ORC system performance

When analysing the measured and the theoretical data, some values in the figures seemed to be deviating. By examining the temperature difference over the turbine, see Figure 25, it was discovered that some of the values had a much higher difference between the inlet and outlet temperature of the turbine.

Figure 25: Actual measured temperature difference between inlet and outlet of the turbine for each time step.

At the left in Figure 26 to 28 the measured data for every time step is visualised and colored with respect to measured generator output. The theoretical calculated data for six different pressure ratios is also included in these figures as triangles. At the right side however, the same measured data for every time step is visualised but instead coloured depending on the temperature difference over the turbine.
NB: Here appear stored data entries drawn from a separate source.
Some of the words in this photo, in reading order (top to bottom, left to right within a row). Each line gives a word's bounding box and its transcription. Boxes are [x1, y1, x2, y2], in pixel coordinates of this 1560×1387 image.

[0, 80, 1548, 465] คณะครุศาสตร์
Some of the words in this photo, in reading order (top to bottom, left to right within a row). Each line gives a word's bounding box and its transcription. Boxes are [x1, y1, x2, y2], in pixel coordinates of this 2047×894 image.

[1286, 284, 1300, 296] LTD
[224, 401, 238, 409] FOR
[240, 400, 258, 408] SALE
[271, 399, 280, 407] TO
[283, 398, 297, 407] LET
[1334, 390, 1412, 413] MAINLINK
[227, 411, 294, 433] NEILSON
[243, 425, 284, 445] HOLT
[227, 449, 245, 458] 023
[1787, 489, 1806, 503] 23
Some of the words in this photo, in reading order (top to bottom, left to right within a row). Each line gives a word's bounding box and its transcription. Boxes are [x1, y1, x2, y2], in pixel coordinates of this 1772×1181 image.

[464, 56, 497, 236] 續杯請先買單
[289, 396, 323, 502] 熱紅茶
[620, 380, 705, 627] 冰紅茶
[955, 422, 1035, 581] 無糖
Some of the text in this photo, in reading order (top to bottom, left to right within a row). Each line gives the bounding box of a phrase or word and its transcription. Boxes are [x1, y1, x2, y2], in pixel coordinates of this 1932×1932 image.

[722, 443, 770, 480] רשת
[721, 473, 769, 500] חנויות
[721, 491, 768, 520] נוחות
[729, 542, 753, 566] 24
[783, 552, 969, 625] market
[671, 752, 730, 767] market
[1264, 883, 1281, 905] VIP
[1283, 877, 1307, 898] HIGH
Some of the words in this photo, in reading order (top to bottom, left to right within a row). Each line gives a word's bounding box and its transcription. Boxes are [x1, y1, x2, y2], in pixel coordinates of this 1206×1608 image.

In Figure 26 the turbine efficiency dependence on inlet pressure is shown. Since the actual turbine efficiency is confidential, values shown in the figures have been scaled and distorted. It can be seen that theoretical data and measured data agree well with each other for inlet pressures between 7.0 and 7.4 bar. At higher pressures, the theoretical turbine efficiencies and the electricity outputs seem to be slightly higher than the measured values. Important to note is that some values of the turbine efficiency deviates and have efficiencies between 0.8 and 1 in the figure. Reviewing the graph at the right side, most of these values are colored red meaning that these values have a temperature difference above 10 ◦C.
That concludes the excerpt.